SPECA: Specification-Checklist-Driven Auditing for Multi-Implementation Systems — An Ethereum Fusaka Case Study
Overview
This is the first SPECA paper. It proposes a framework that converts a specification into an "audit checklist" and establishes a 1:1 correspondence between requirements and implementation code.
We applied this mechanism to 11 production clients participating in the Ethereum Fusaka upgrade and analyzed the results of agent-driven submissions to a real bug-reporting contest. By reusing checklist items found in one implementation against other implementations, we reduced the average human verification time per submission to 40 minutes.
Key Contributions
- A framework for converting specifications into checklists — keeps the requirement → implementation code-location mapping in a form that can be automatically traced
- Checklist 1→N reuse strategy — a method that applies inspection items found in a single implementation directly to other implementations as well. Ultimately, 76.5% of valid findings originate from this mechanism
- Real-world case study — submitted 54 entries for Ethereum Fusaka, with 31.5% accepted as valid findings (above the contest average of 27.6%)

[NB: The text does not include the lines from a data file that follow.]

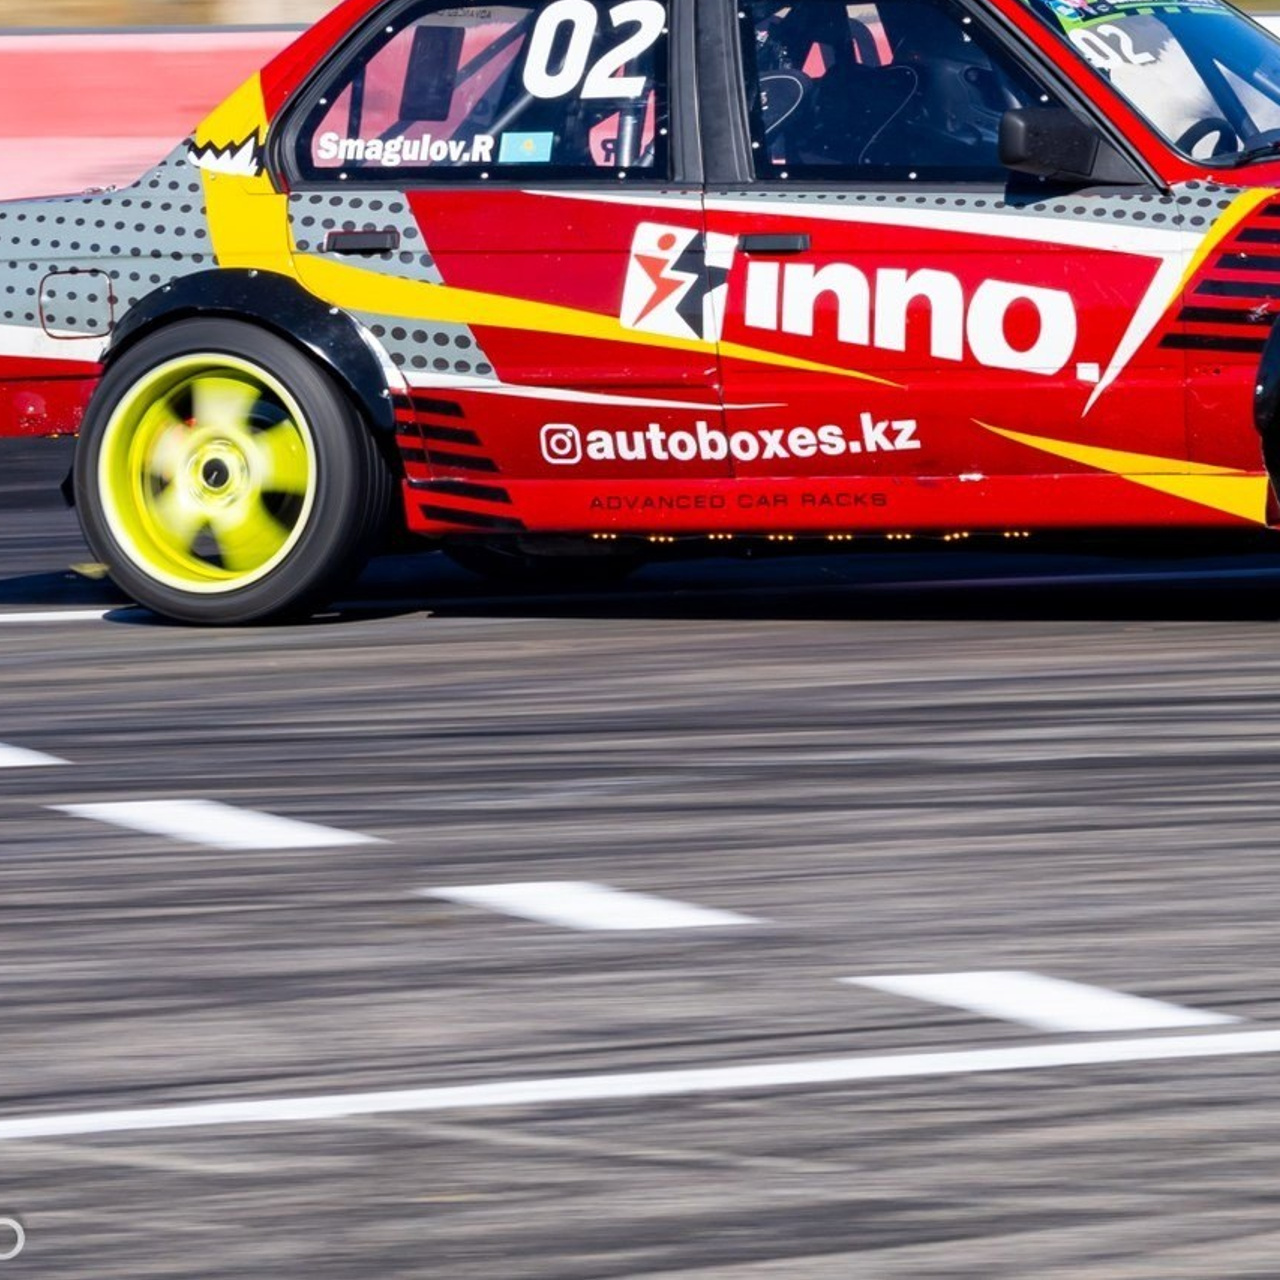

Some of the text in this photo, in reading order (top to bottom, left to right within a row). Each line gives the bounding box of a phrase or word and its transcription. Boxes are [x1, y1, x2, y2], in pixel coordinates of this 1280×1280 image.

[1068, 23, 1155, 69] 02
[316, 132, 495, 166] Smagulov.R
[586, 412, 921, 462] autoboxes.kz
[590, 492, 888, 510] ADVANCED CAR RACKS
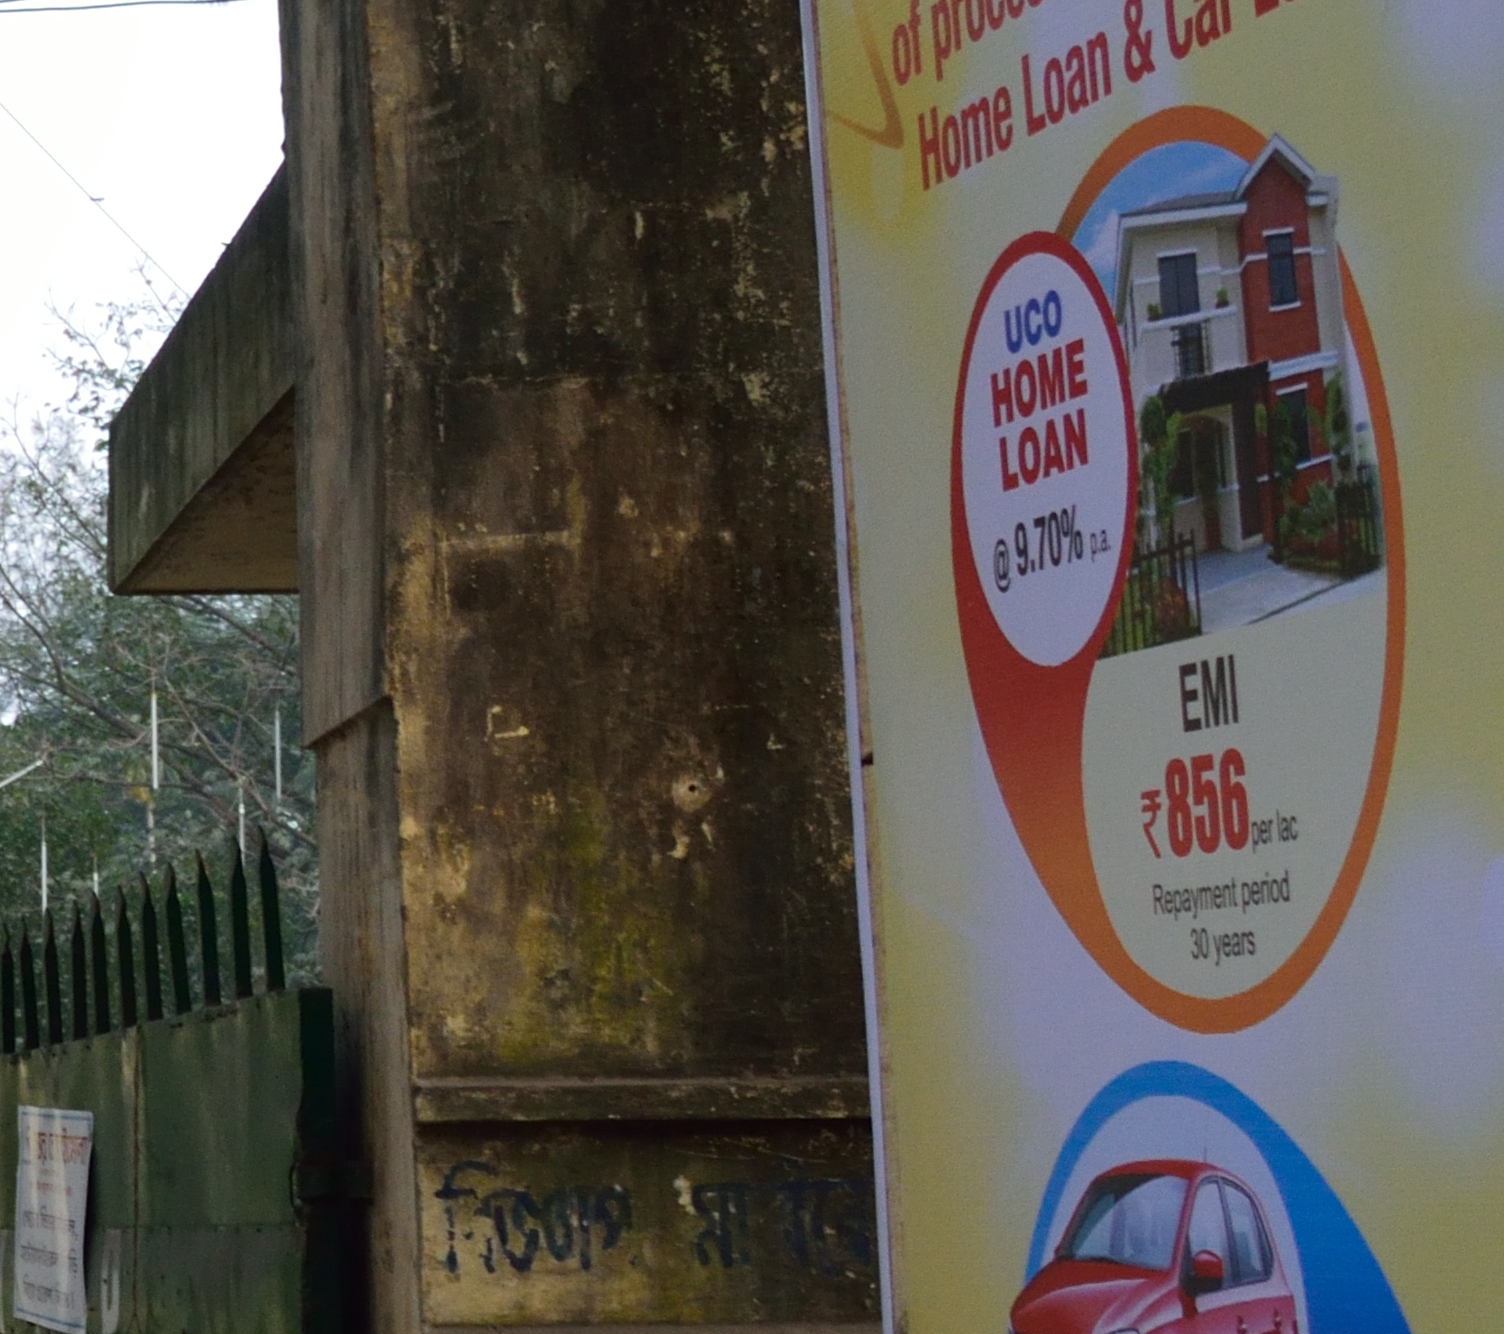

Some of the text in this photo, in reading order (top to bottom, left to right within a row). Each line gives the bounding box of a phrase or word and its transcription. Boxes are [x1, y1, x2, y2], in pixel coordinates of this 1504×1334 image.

[918, 91, 1015, 192] Home
[1023, 38, 1114, 137] Loan
[1003, 289, 1062, 354] UCO
[990, 337, 1088, 428] HOME
[998, 408, 1089, 493] LOAN
[993, 504, 1112, 593] @ 9.70% p.a.
[1178, 654, 1239, 733] EMI
[1140, 747, 1299, 860] ₹856 per lac
[1152, 869, 1291, 921] Repayment period
[1190, 926, 1256, 967] 30 years

- Cause classification of false positives — identifies that 56.8% of false positives stem from "threat-model assumption mismatches," with the remaining causes also broken down
- Quantification of human effort — agent-led work reduced manual verification per submission to an average of 40 minutes
Key Experimental Results
Ethereum Fusaka Audit Deployment
- Valid findings: 17/54 (31.5%), exceeding the contest average of 27.6%
- Breakdown of detection strategies (out of 17 valid findings):
- Cross-implementation check origin: 13 cases (76.5%)

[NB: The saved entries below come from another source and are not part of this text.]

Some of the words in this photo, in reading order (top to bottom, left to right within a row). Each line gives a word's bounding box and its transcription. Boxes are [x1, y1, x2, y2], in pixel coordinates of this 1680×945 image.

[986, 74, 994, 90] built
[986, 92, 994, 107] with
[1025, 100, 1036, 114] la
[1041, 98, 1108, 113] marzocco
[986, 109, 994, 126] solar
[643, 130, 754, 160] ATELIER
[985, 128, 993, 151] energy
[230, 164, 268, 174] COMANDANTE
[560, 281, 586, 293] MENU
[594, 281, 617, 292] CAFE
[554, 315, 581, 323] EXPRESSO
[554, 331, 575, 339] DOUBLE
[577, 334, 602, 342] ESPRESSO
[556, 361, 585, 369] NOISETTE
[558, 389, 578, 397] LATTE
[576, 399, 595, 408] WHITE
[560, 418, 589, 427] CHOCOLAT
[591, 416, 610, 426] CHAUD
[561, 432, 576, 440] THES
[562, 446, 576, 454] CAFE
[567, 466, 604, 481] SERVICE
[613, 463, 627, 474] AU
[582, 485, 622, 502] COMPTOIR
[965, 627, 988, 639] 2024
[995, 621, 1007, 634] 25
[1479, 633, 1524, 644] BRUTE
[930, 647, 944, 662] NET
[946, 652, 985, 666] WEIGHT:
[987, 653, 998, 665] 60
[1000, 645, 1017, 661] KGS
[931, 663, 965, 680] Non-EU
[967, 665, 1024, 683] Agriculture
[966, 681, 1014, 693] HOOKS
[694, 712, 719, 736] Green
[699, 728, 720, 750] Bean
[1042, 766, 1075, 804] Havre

- Static audit origin: 17.6%
- Dynamic testing origin: 5.9%
- Client coverage: 9/11 (81.8%)
- V2 reassessment recall (Consensus Layer H/M/L issues): 27.3% (3/11), with High-severity at 2/3 detected
Root Causes of False Positives (out of 37 cases)
| Cause | Count | Share |
|---|---|---|
| Threat-model assumption mismatch | 21 | 56.8% |
| Duplicate detection | 8 | 21.6% |
| Analysis error | 5 | 13.5% |
| Out of scope | 3 | 8.1% |
Human Effort
Under the agent-led approach, the average manual verification time per submission was 40 minutes, a significant reduction compared to traditional audit workflows.
Citation
@article{kamba2026speca,
title={SPECA: Specification-to-Checklist Agentic Auditing for Multi-Implementation Systems --- A Case Study on Ethereum Clients},
author={Kamba, Masato and Sannai, Akiyoshi},
journal={arXiv preprint arXiv:2602.07513},
year={2026},
month={February}
}
Links
- arXiv HTML: https://arxiv.org/html/2602.07513v2
- arXiv Abstract: https://arxiv.org/abs/2602.07513
- arXiv PDF: https://arxiv.org/pdf/2602.07513v2
SPECA Paper Series
This paper (Feb 2026) is the foundational case study of SPECA, an empirical investigation focused on a single Ethereum Fusaka case. The follow-up paper (May 2026) generalizes the mechanisms used here to multi-implementation distributed protocols at large.